[What the task asks] With the pictures left out, copy the listing below exactly.

[Data to process]
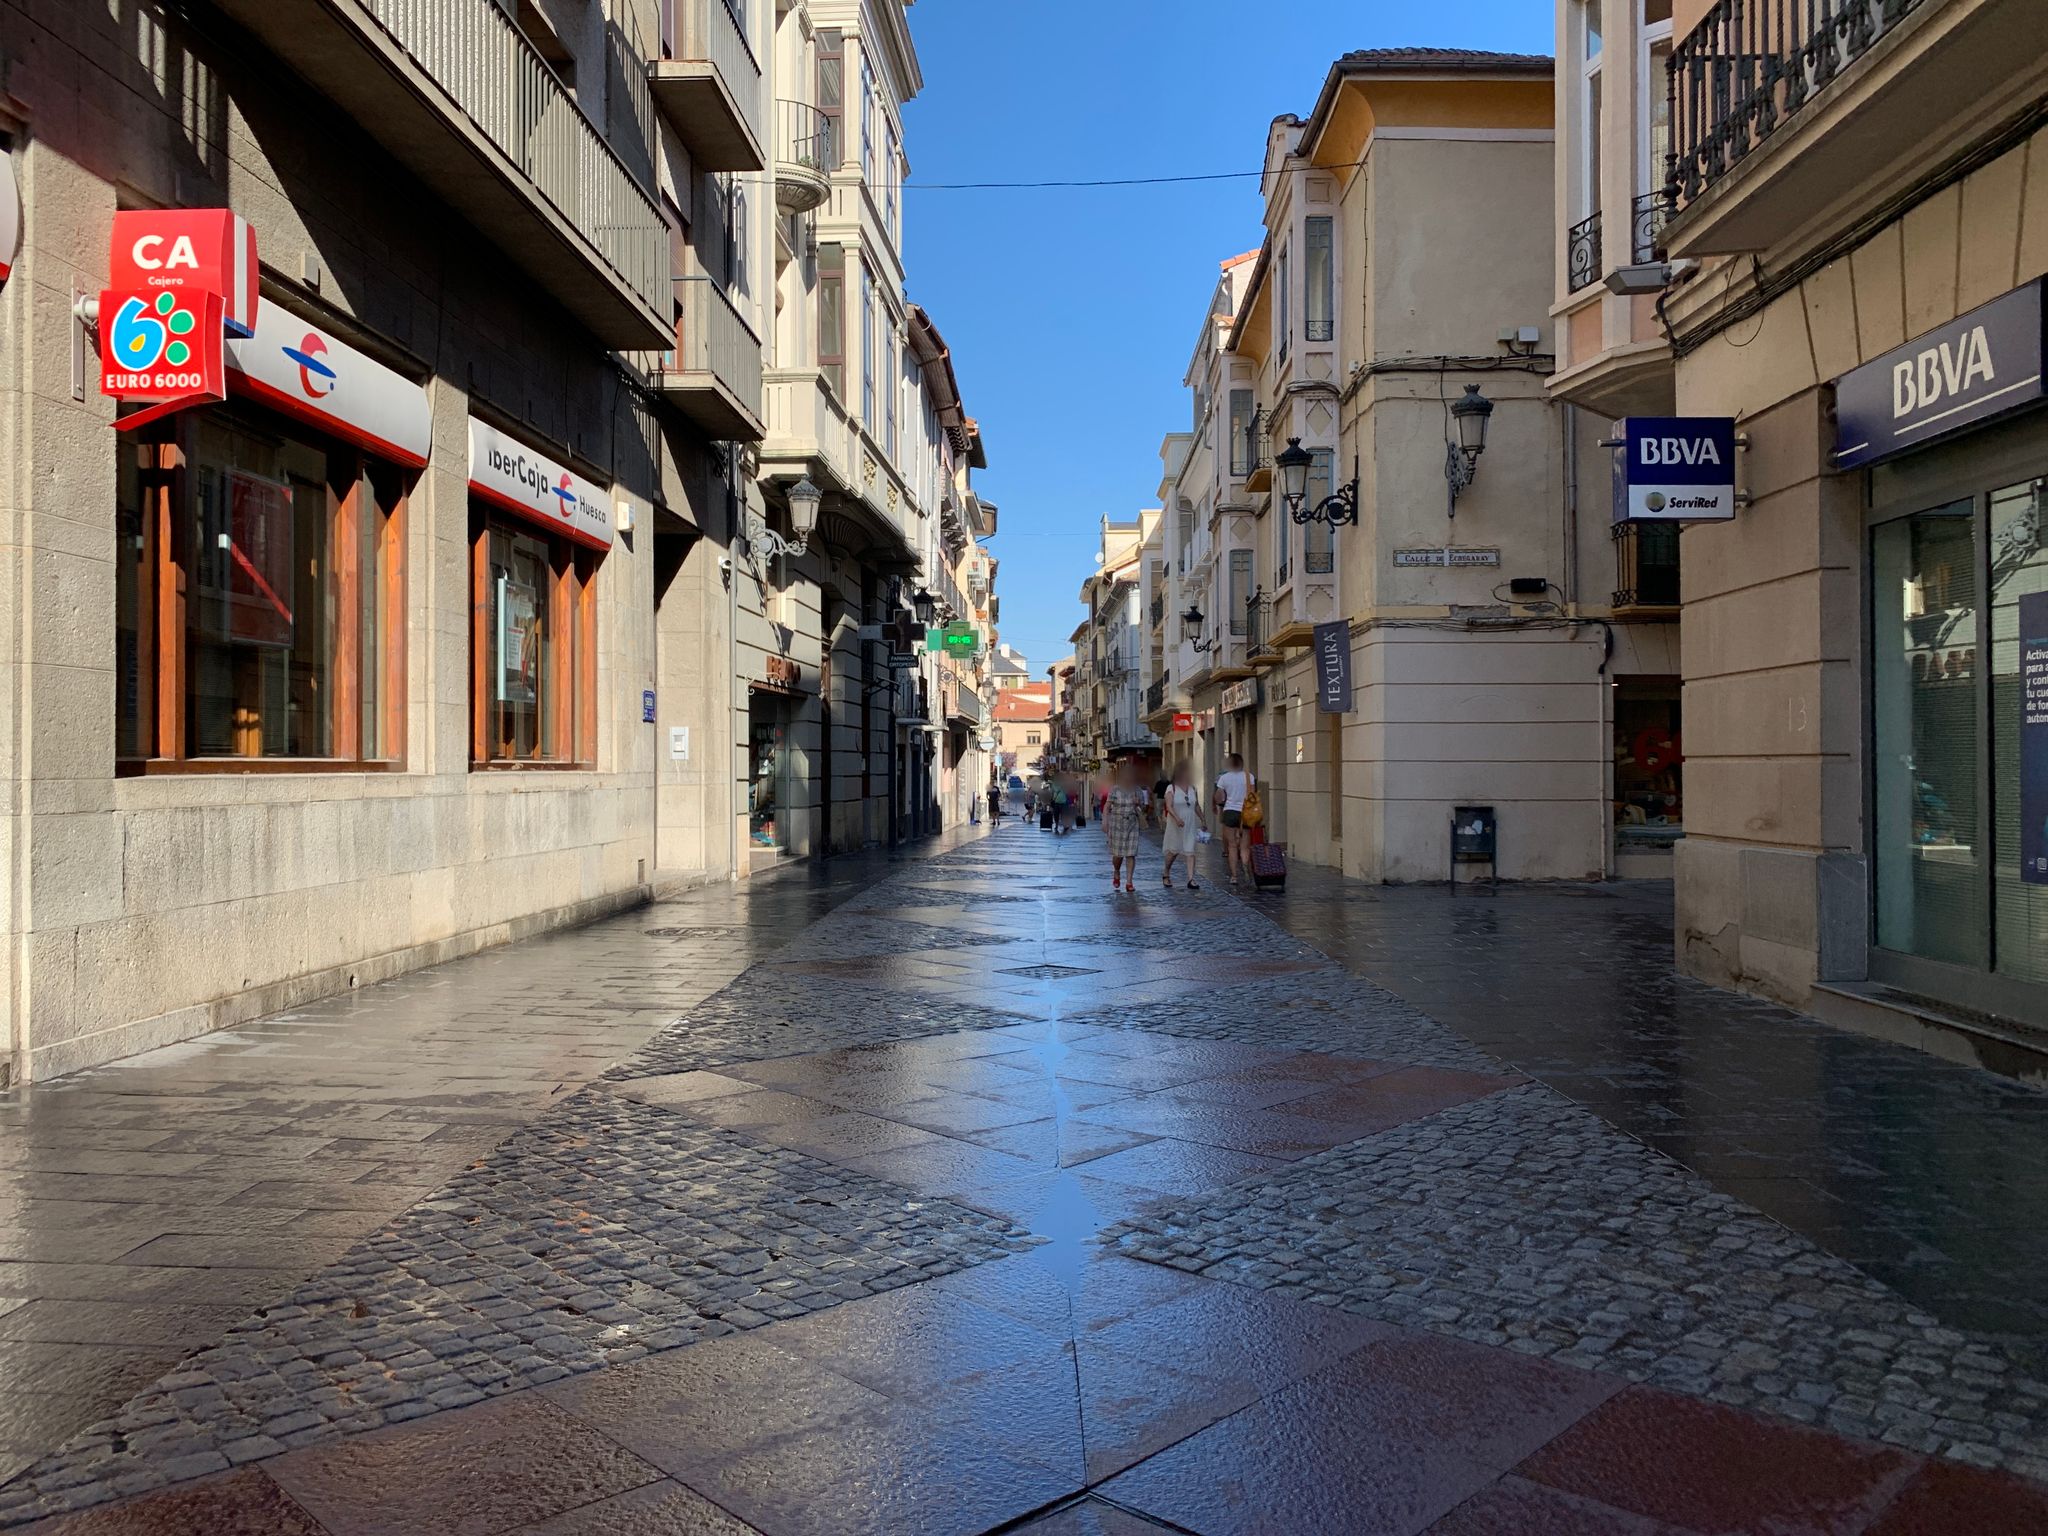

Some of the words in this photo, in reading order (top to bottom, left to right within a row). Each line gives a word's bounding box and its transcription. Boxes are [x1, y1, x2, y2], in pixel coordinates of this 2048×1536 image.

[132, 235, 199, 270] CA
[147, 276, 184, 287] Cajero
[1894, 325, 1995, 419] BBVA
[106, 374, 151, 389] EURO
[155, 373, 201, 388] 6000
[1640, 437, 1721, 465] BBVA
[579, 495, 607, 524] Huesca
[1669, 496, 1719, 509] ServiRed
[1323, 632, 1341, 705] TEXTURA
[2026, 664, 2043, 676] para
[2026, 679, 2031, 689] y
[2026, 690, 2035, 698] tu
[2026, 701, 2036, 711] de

[Solved exercise]
Some of the words in this photo, in reading order (top to bottom, left to right within a row). Each line gives a word's bounding box and its transcription. Boxes are [x1, y1, x2, y2], in pixel coordinates of this 2048×1536 image.

[132, 235, 199, 270] CA
[147, 276, 184, 287] Cajero
[1894, 325, 1995, 419] BBVA
[106, 374, 151, 389] EURO
[155, 373, 201, 388] 6000
[1640, 437, 1721, 465] BBVA
[579, 495, 607, 524] Huesca
[1669, 496, 1719, 509] ServiRed
[1323, 632, 1341, 705] TEXTURA
[2026, 664, 2043, 676] para
[2026, 679, 2031, 689] y
[2026, 690, 2035, 698] tu
[2026, 701, 2036, 711] de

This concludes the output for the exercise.